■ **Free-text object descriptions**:
=-=-=

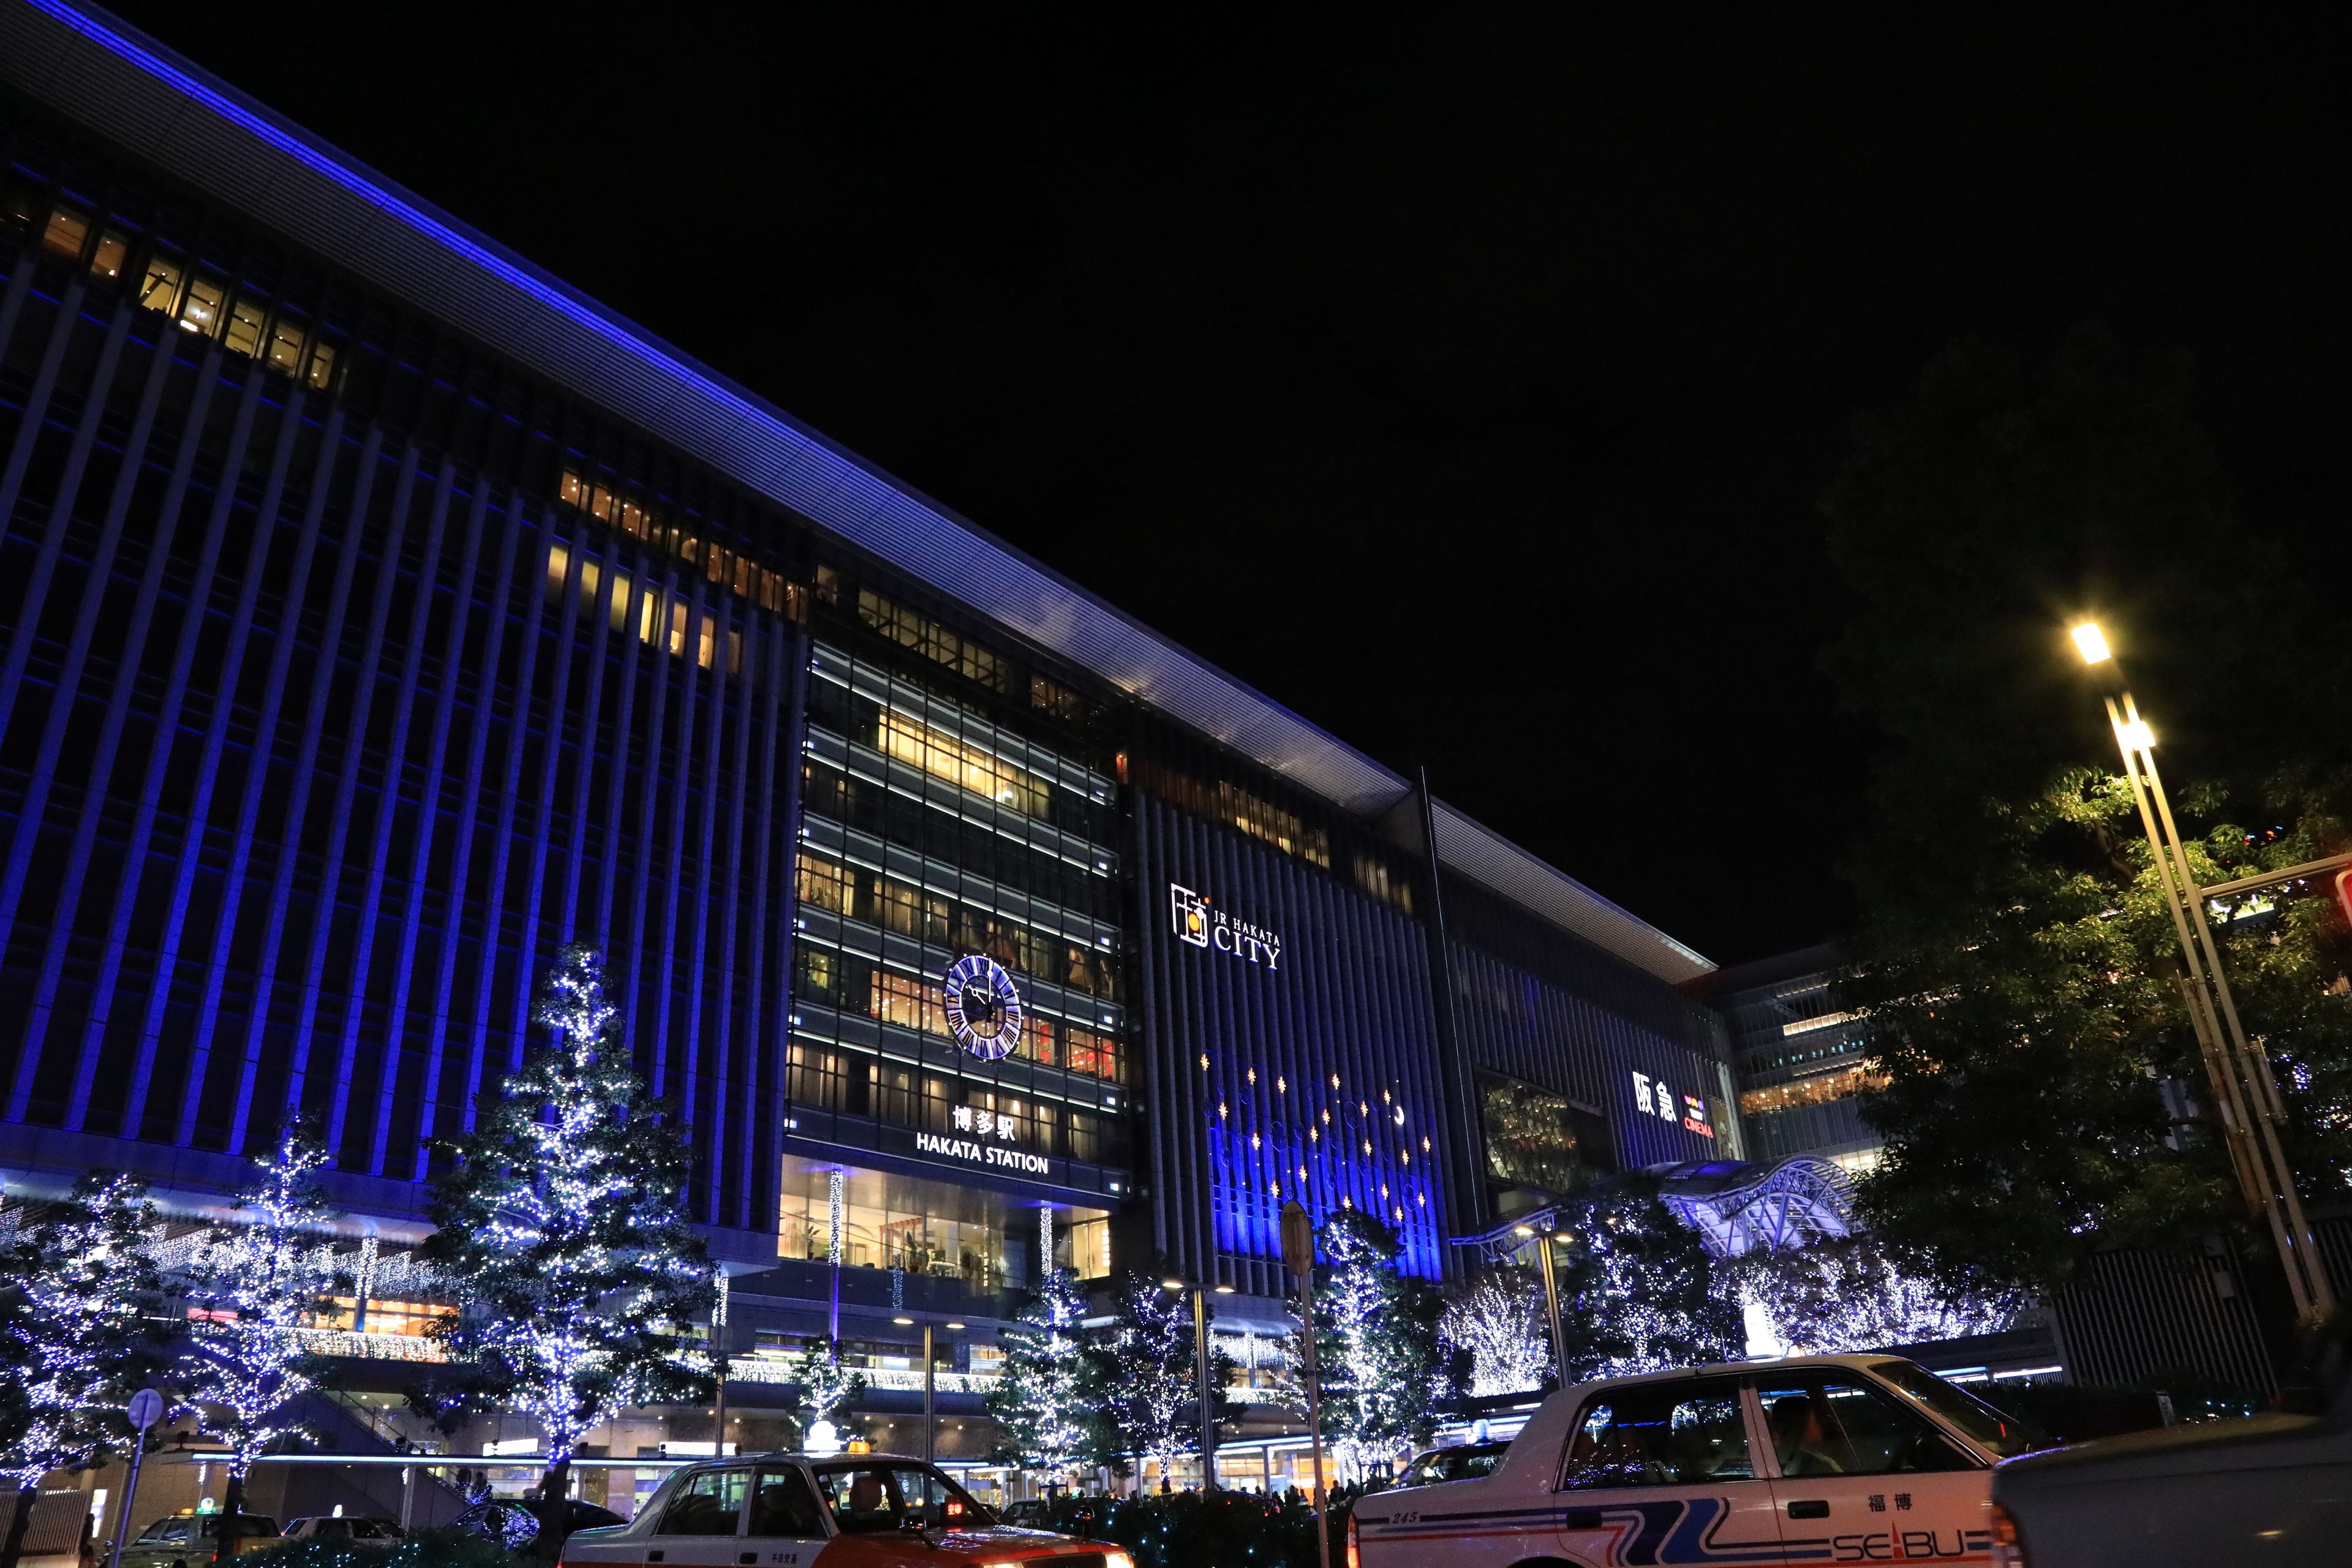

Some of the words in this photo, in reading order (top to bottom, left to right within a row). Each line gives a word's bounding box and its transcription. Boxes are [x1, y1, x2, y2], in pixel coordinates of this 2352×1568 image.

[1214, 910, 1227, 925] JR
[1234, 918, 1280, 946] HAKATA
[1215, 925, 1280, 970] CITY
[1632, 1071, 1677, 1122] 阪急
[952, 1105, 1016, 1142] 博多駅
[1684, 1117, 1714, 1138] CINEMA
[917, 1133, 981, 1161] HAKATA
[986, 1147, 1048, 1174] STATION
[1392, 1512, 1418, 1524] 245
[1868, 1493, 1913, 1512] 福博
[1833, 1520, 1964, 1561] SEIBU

=-=-=

■ **What to work on**:
Retype the entries exactly, skipping every picture.

■ **Your solution**:
Some of the words in this photo, in reading order (top to bottom, left to right within a row). Each line gives a word's bounding box and its transcription. Boxes are [x1, y1, x2, y2], in pixel coordinates of this 2352×1568 image.

[1214, 910, 1227, 925] JR
[1234, 918, 1280, 946] HAKATA
[1215, 925, 1280, 970] CITY
[1632, 1071, 1677, 1122] 阪急
[952, 1105, 1016, 1142] 博多駅
[1684, 1117, 1714, 1138] CINEMA
[917, 1133, 981, 1161] HAKATA
[986, 1147, 1048, 1174] STATION
[1392, 1512, 1418, 1524] 245
[1868, 1493, 1913, 1512] 福博
[1833, 1520, 1964, 1561] SEIBU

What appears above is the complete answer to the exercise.